▸ Problem details:
Starting at the line with "Some of the text", return every line through the final one of the data, word for word. Pictures stay out.
####
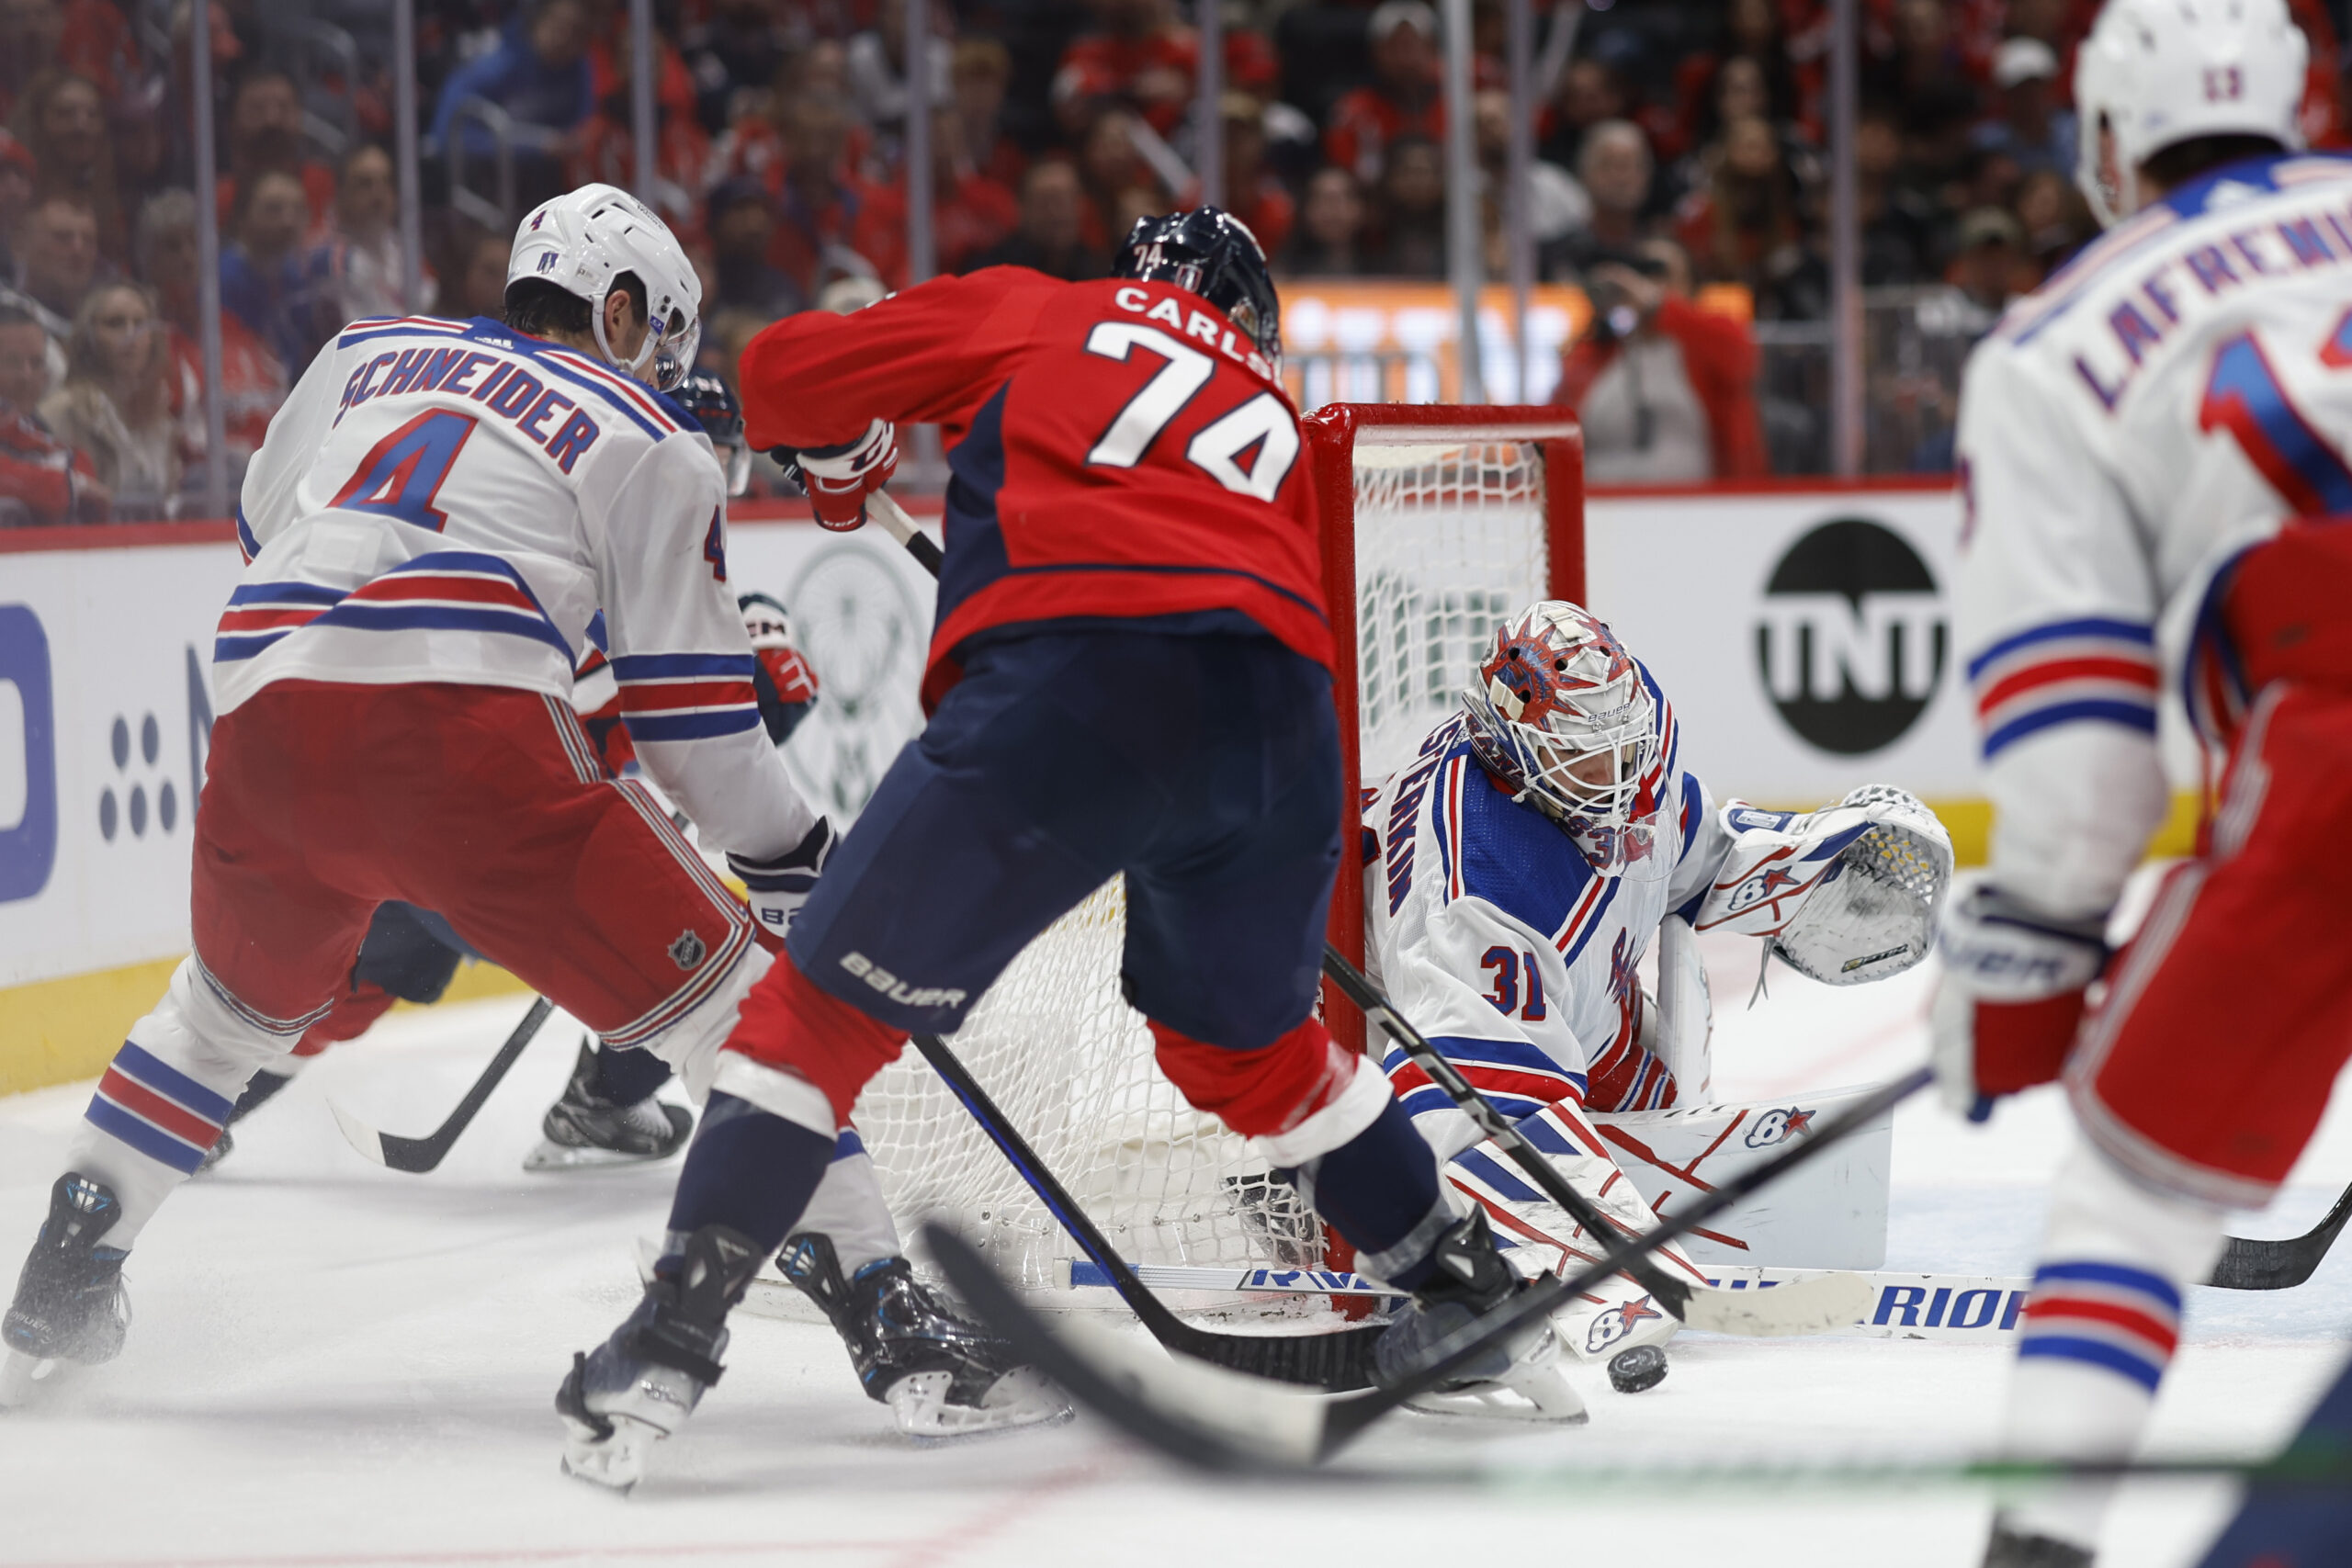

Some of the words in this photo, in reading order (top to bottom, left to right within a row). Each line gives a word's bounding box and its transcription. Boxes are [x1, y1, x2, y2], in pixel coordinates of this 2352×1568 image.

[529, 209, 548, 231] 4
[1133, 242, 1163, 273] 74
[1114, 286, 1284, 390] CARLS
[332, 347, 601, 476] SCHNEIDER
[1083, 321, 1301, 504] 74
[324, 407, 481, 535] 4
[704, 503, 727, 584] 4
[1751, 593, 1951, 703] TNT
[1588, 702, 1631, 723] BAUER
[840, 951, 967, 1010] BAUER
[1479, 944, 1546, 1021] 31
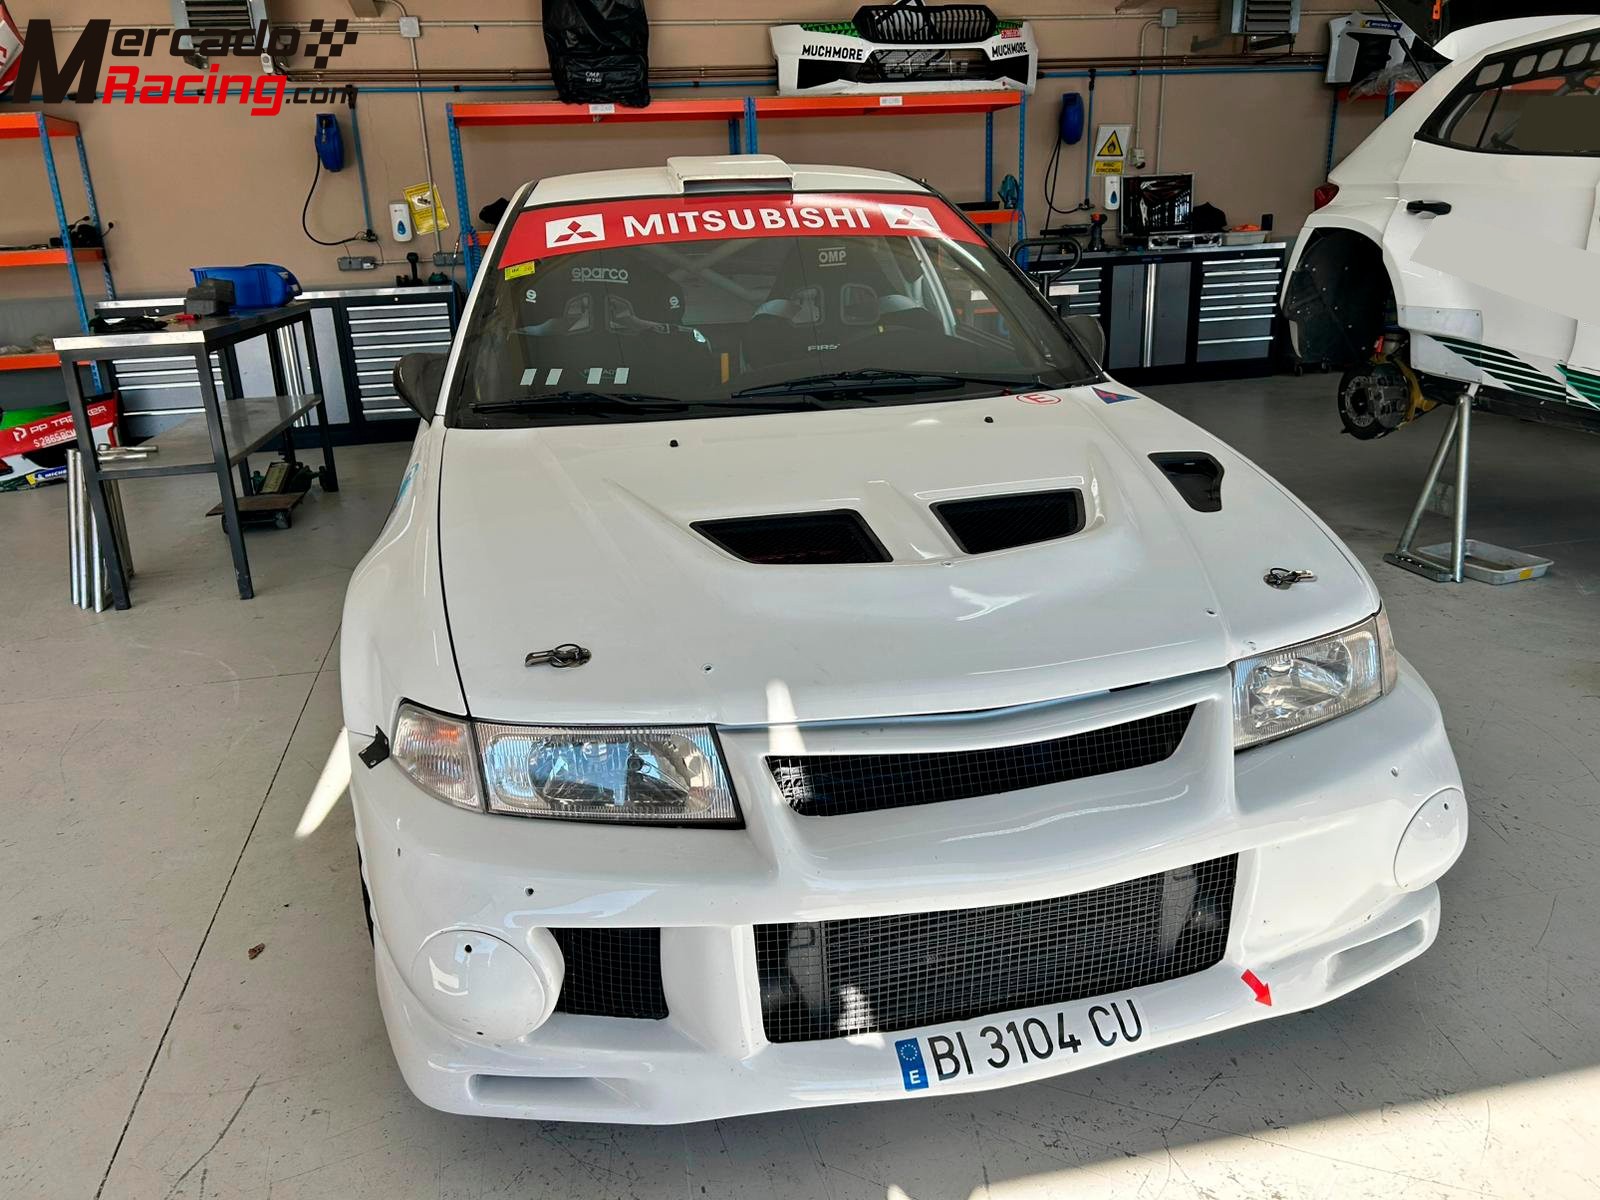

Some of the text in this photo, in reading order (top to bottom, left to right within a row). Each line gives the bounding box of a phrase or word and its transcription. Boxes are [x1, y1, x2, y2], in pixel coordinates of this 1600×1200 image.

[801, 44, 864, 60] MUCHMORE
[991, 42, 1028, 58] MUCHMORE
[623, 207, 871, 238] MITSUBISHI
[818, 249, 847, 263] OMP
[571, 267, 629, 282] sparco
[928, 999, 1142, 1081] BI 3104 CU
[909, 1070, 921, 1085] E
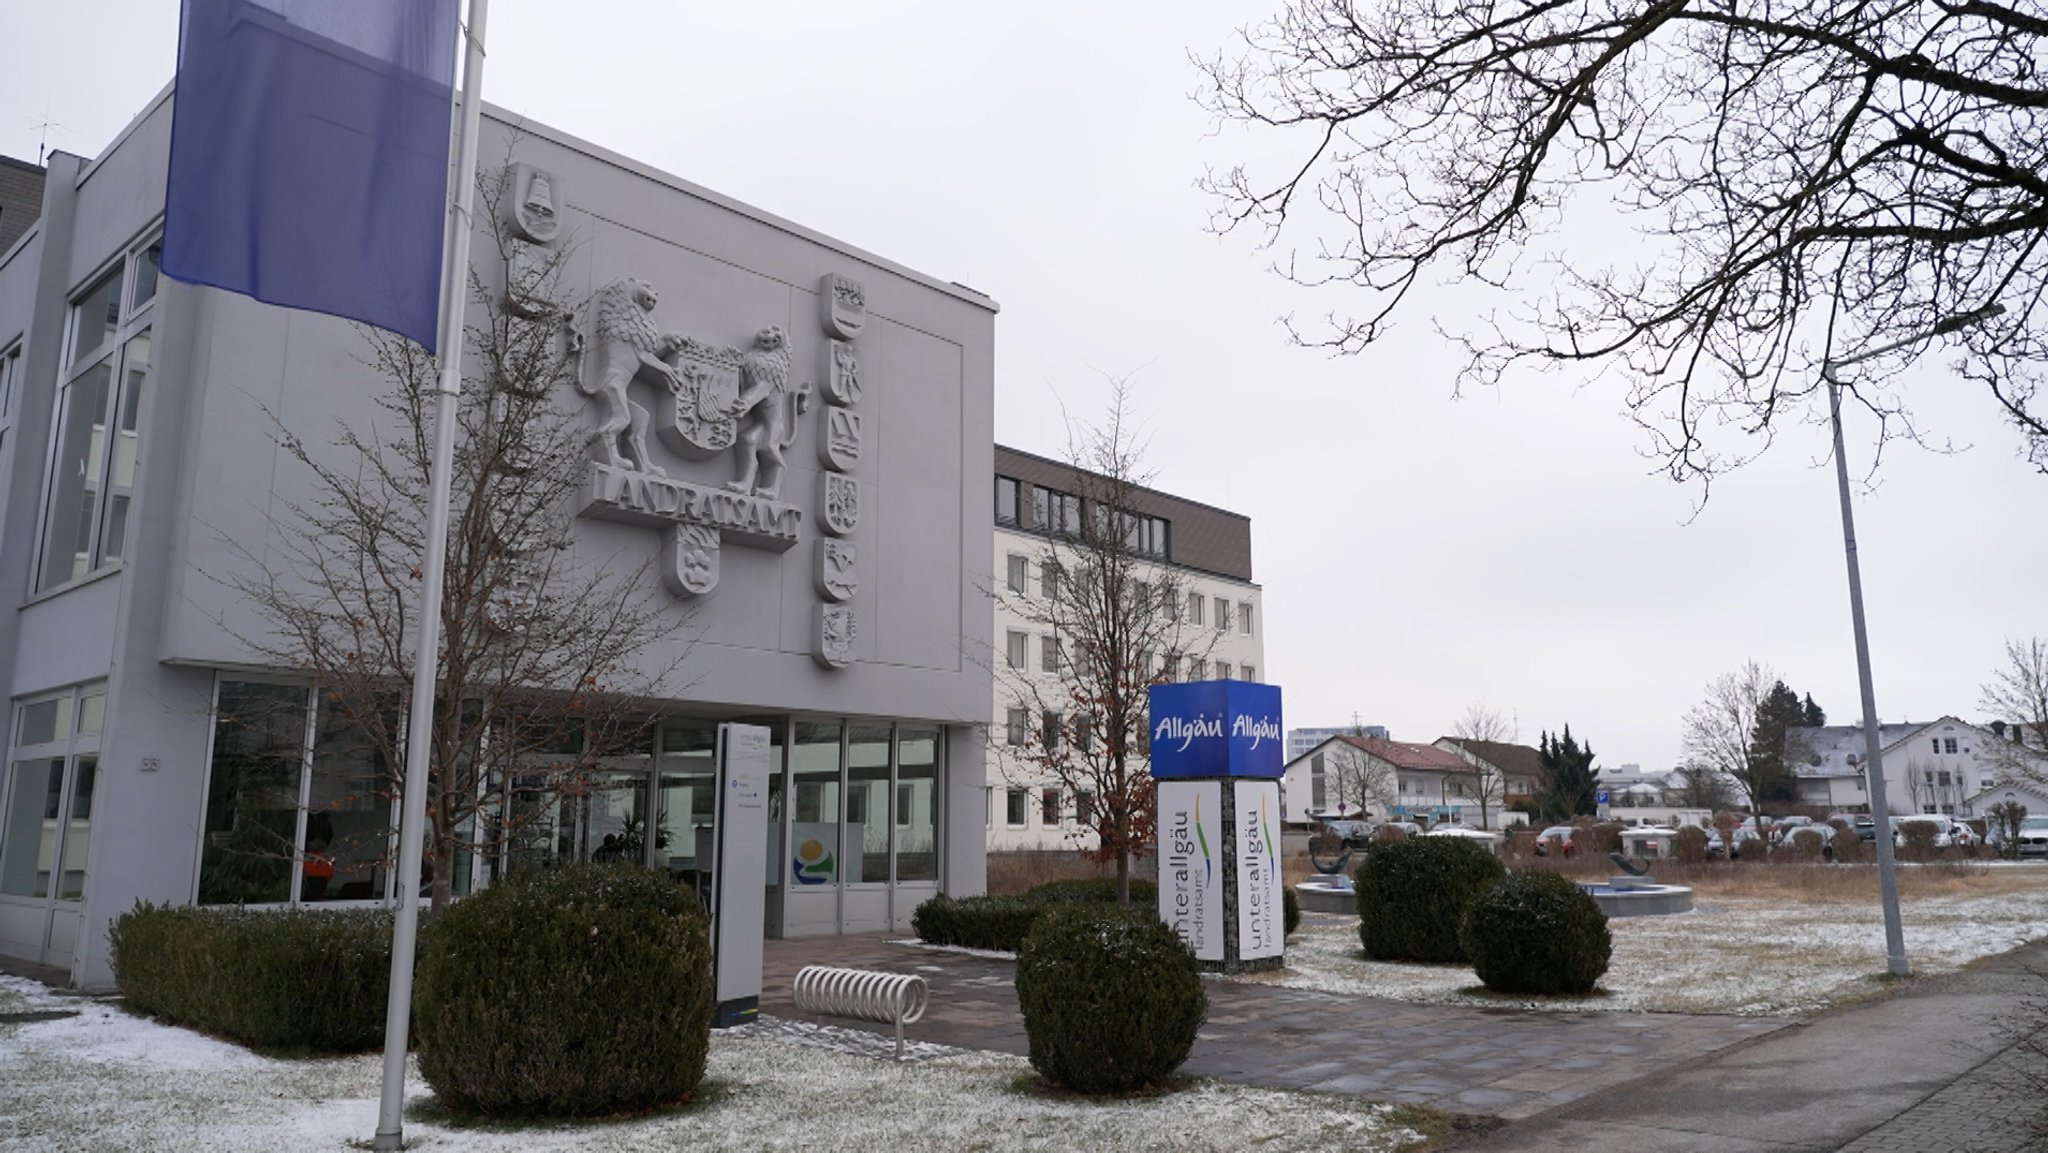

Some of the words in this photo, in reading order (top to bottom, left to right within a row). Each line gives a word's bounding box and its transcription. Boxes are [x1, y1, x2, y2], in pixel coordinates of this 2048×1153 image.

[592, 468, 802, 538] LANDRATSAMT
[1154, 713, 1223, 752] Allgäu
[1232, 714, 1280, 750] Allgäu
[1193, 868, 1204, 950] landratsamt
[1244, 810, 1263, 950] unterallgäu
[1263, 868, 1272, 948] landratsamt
####
▸ Final answer:
Some of the text in this photo, in reading order (top to bottom, left to right within a row). Each line gives the bounding box of a phrase or word and its transcription. Boxes are [x1, y1, x2, y2], in pixel coordinates of this 1600×1200 image.

[801, 44, 864, 60] MUCHMORE
[991, 42, 1028, 58] MUCHMORE
[623, 207, 871, 238] MITSUBISHI
[818, 249, 847, 263] OMP
[571, 267, 629, 282] sparco
[928, 999, 1142, 1081] BI 3104 CU
[909, 1070, 921, 1085] E

Some of the words in this photo, in reading order (top to bottom, left to right within a row). Each line gives a word's bounding box and its transcription. Boxes are [x1, y1, x2, y2], in pixel coordinates of this 2048×1153 image.

[592, 468, 802, 538] LANDRATSAMT
[1154, 713, 1223, 752] Allgäu
[1232, 714, 1280, 750] Allgäu
[1193, 868, 1204, 950] landratsamt
[1244, 810, 1263, 950] unterallgäu
[1263, 868, 1272, 948] landratsamt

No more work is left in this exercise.